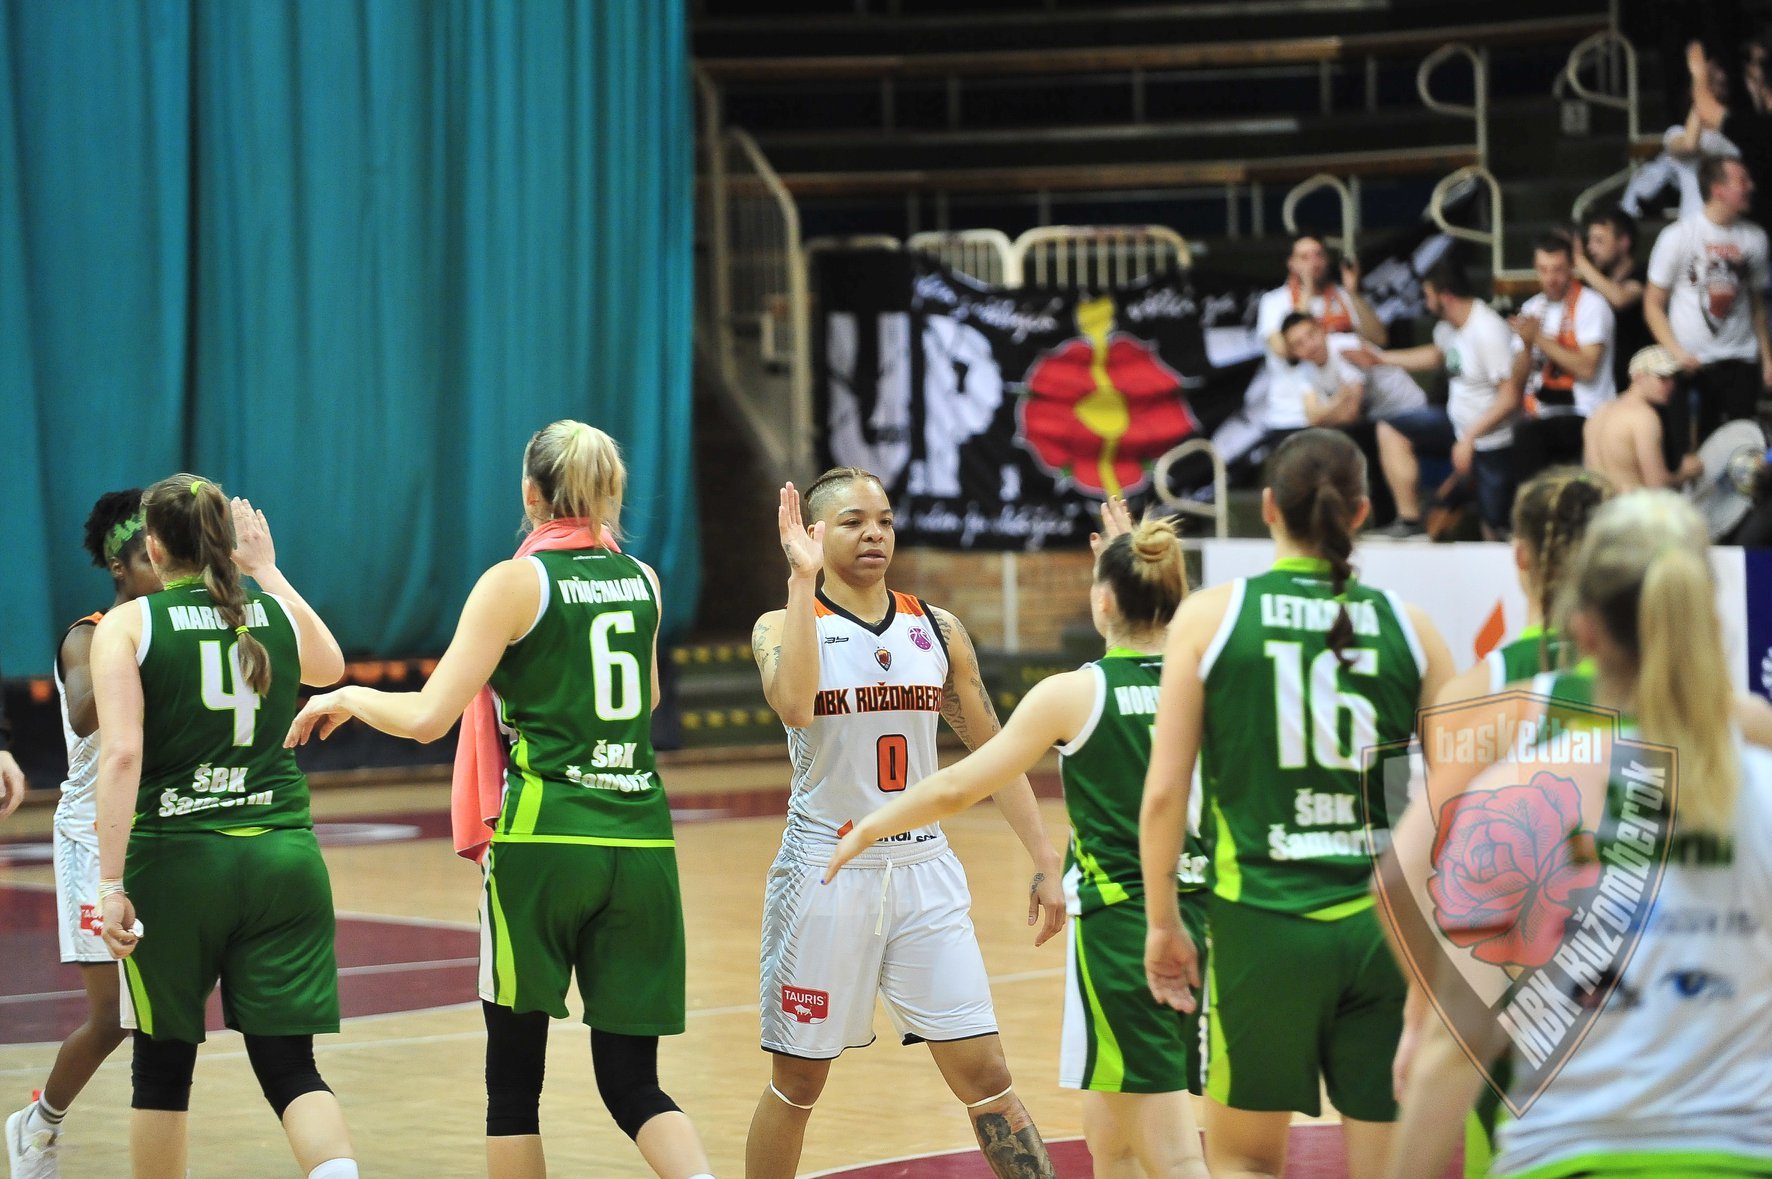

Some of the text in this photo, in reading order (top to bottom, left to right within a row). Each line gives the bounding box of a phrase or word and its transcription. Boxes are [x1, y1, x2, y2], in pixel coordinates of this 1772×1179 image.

[589, 610, 641, 721] 6
[199, 640, 261, 747] 4
[814, 688, 851, 716] MBK
[1263, 640, 1379, 772] 16
[591, 739, 637, 768] ŠBK
[876, 733, 908, 792] 0
[192, 762, 248, 793] ŠBK
[1294, 788, 1356, 826] ŠBK
[784, 989, 825, 1006] TAURIS

┄┄┄┄┄┄┄┄┄┄┄┄┄┄┄┄┄┄┄┄

▶ **Your task**:
The answer consists of the records repeated exactly, without any images.

▶ **The completed task**:
Some of the text in this photo, in reading order (top to bottom, left to right within a row). Each line gives the bounding box of a phrase or word and its transcription. Boxes are [x1, y1, x2, y2], in pixel coordinates of this 1772×1179 image.

[589, 610, 641, 721] 6
[199, 640, 261, 747] 4
[814, 688, 851, 716] MBK
[1263, 640, 1379, 772] 16
[591, 739, 637, 768] ŠBK
[876, 733, 908, 792] 0
[192, 762, 248, 793] ŠBK
[1294, 788, 1356, 826] ŠBK
[784, 989, 825, 1006] TAURIS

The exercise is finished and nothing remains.